The purpose of a reaction partner is to provide a proving ground for concepts you want to test. In the late 1970s, when the army was putting together a combat shooting program for the soon-to-be Delta Force (SFOD-D), they invited “experts” from all over to offer their techniques. However, when applied to their newly constructed SAS-inspired training facility, dubbed the “Kill House”, very few of those techniques survived. It was that emphasis on a vetting process that forever separated Delta from what everyone else was doing.

Your Reaction Partner Is Your “Kill House”

In our two-day Crash Course it’s common to observe trainees over-leveraging snap-on tools (knife, baton, etc.). They attempt to employ them in unnatural ways where a simple stomp might have been preferable.

It’s often the first time someone has ever held a tool with the intent to use it on another human being (or maybe even held one at all). Consequently, they are so enthusiastic about their new labor-saving device that they try to use it for everything, every turn; essentially treating it like a magic wand instead of an ice pick. However, they recognize these kinds of errors in short order after working through the problem with a few reaction partners.

Get In Where You Fit In

You wouldn’t try to use your knee to access the eye of a standing person when you could just use your fingers. Likewise, you wouldn’t one-knuckle a person’s ribs with a knife in your fist…  you’d just reorient the tip and slot it in. When you feed ideas into your kill house, very few of them will survive. The ones that do are keepers!

No Plan Survives First Contact

In follow-on training we introduce vectors (incoming punches, kicks, swinging baseball bats, slashes, stabs, tackles, etc.). When students have a preplanned series of strikes they want to execute, they ignore the incoming vector and end up getting clocked.

This is a good thing. You want to work problems with a reaction partner until the solution presents itself. If someone really comes at you with a meat cleaver, you don’t want it to be your 1st time… you want it to be your 1,001st time.

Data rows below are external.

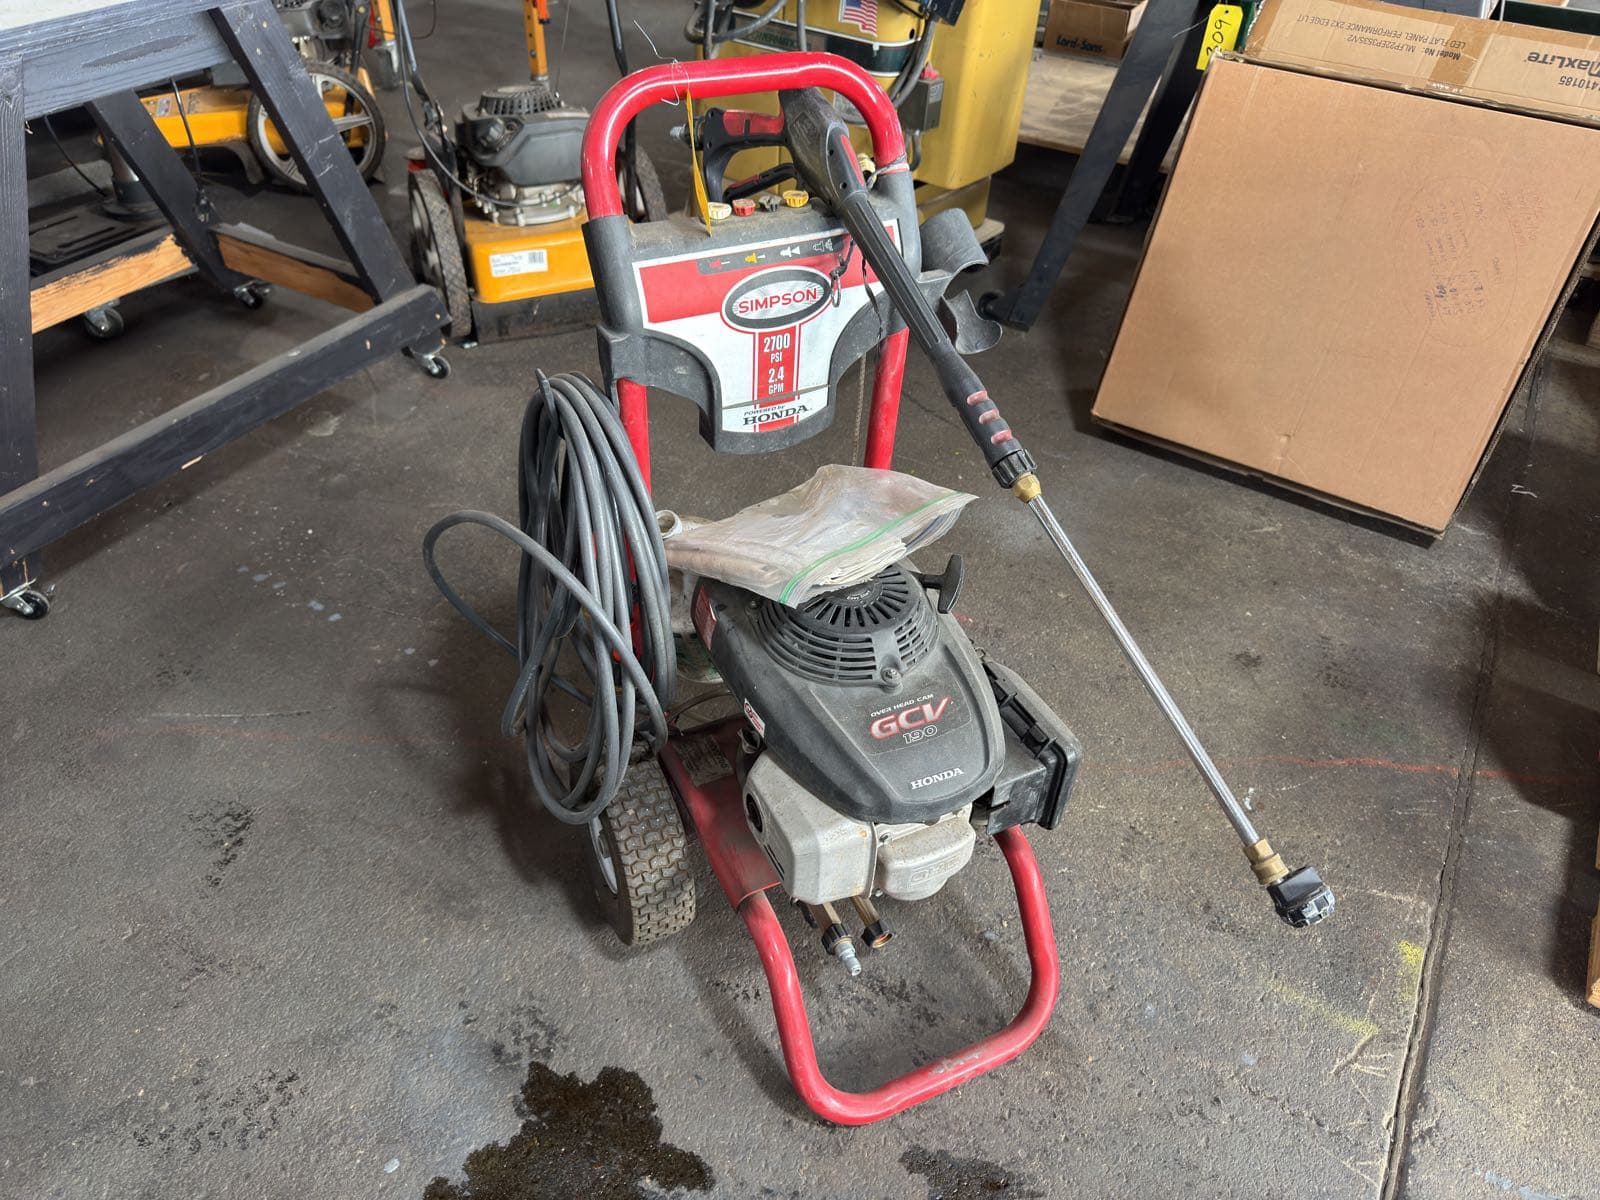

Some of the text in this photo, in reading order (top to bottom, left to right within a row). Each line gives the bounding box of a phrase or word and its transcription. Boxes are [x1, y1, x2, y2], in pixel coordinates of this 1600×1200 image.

[1345, 22, 1402, 40] PERFORMANCE
[1404, 31, 1429, 44] PANEL
[1429, 34, 1449, 47] FLAT
[1450, 40, 1466, 49] LED
[1437, 48, 1461, 61] Model
[1559, 75, 1600, 91] 410185
[738, 287, 817, 314] SIMPSON
[763, 333, 791, 353] 2700
[770, 351, 783, 364] PSI
[768, 366, 785, 383] 2.4
[768, 382, 785, 395] GPM
[743, 404, 809, 426] HONDA
[870, 693, 935, 718] OVER HEAD CAM
[870, 695, 952, 740] GCV
[910, 767, 965, 790] HONDA
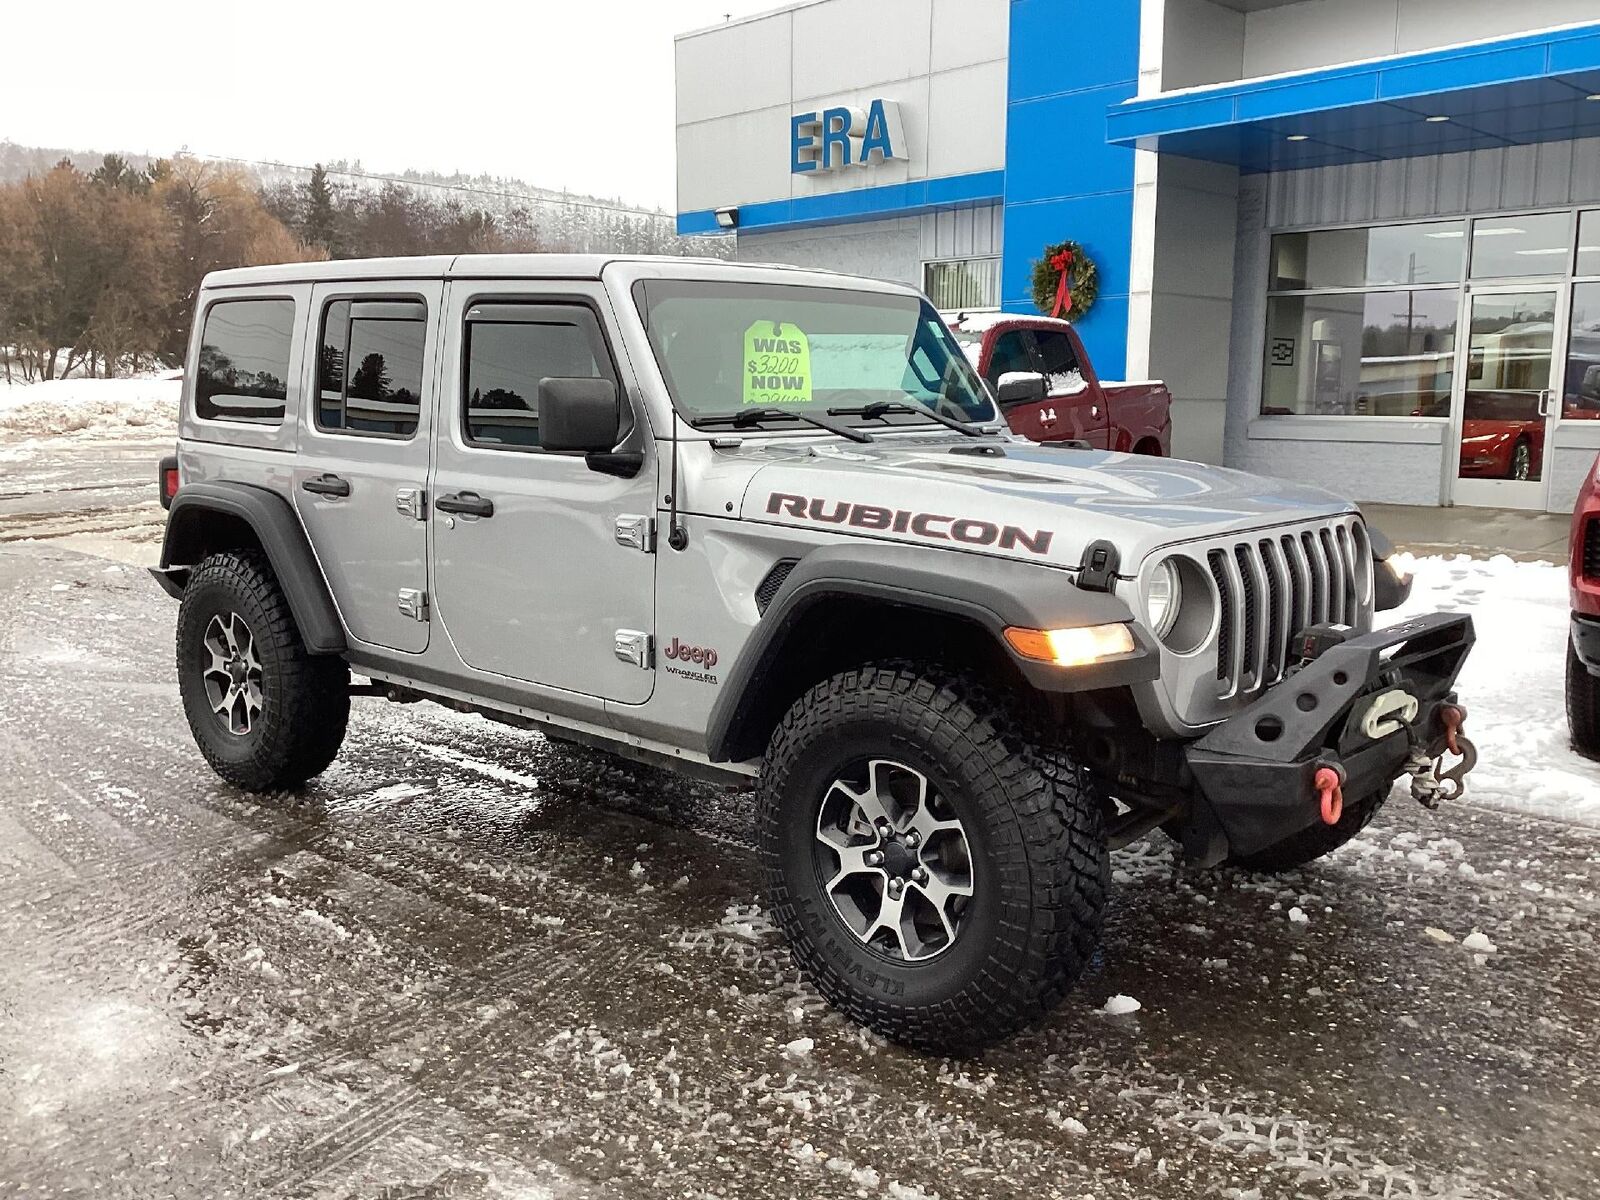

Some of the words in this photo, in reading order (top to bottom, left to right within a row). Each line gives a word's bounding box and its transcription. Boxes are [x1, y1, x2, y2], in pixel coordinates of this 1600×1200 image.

[791, 98, 894, 174] ERA
[753, 338, 801, 354] WAS
[752, 376, 804, 390] NOW
[765, 491, 1054, 555] RUBICON
[664, 637, 718, 670] Jeep
[665, 666, 718, 682] WRANGLER

A Plan To Ride a Tiger is NOT the Same as Riding a Tiger

In elementary school, you get the lesson first and the test after. In life, it’s the other way around. When violence is the test, very few pass/survive on their first go-around, and, if they do, the lesson is often ambiguous or misinterpreted due to small sample size and altered consciousness. Using your reaction partner on the mats allows you to take the test — and fail — as many times as necessary until you learn the lesson.

 

— Taylor Good

2 replies
  1. Ted
    Ted says:

    Any tips on practicing violence alone? I’ve never seen an essay or moving picture from ANY of you guys on practicing alone! What’s up with that?! I can never find practice partners! I have to do it alone most of the time or it won’t get done! The ability to practice alone is essential!

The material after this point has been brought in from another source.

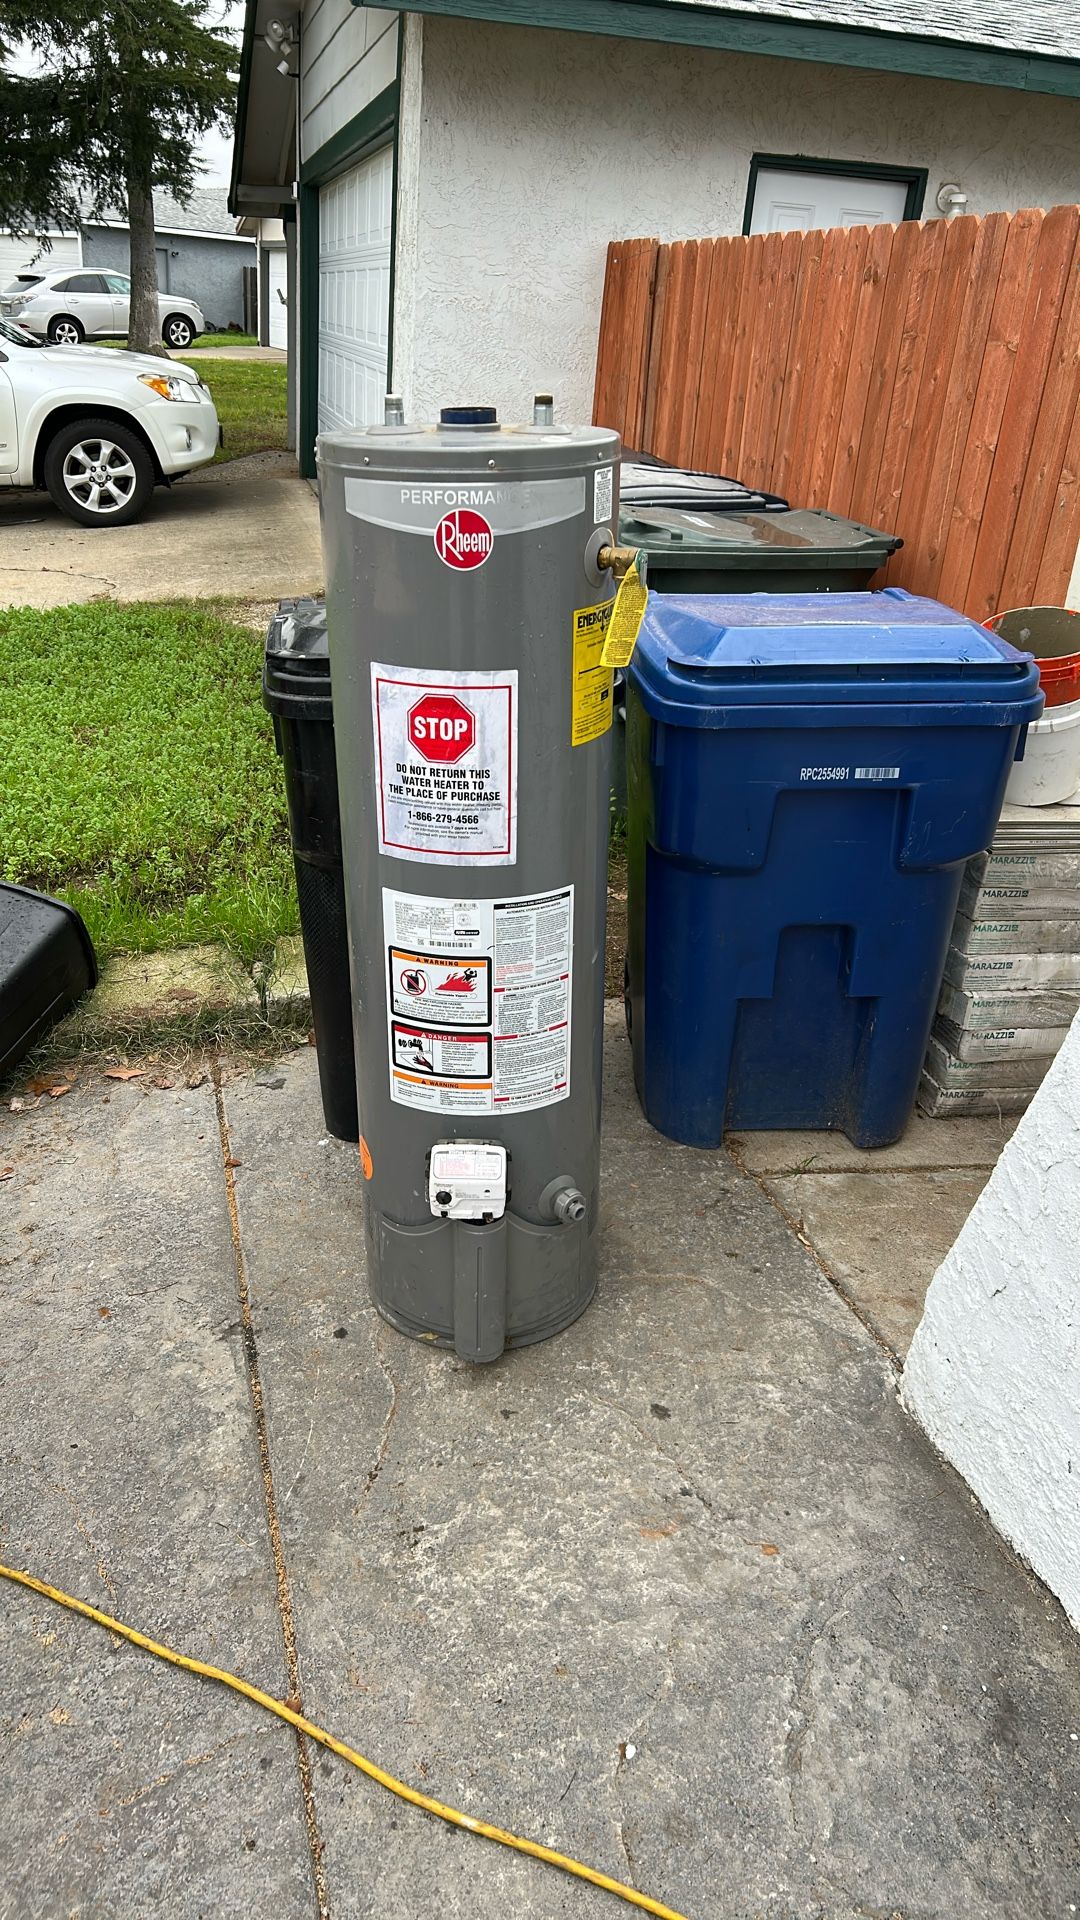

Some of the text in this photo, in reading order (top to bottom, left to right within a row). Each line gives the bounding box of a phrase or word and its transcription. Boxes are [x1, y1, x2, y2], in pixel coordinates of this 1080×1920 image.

    Some nice things about practicing violence alone: never having to take care of your partner; never having to give your partner his turn; you can make up any body shape, size you want and multiple attackers; your partner(s) don’t have the option of cancelling or being late for the practice session; no one ever needs to know you practice violence; you can do it even in your head; you don’t need to buy mats or find a place to practice; you can go as far as killing every single one of your practice partners and never have to call an ambulance nor the police; you can practice ANYWHERE, ANY TIME, AS MUCH AS YOU WANT; you can conquer what is for some their greatest fear, i.e., being alone in a room with their greatest deadly enemy… themselves; it strengthens the power of mind and imagination, i.e., the very source of where it all comes from to begin with.

    Reply
    • Chris Ranck-Buhr
      Chris Ranck-Buhr says:

      Training without the object of interest—the human machine—is like learning to swim without ever getting in the water.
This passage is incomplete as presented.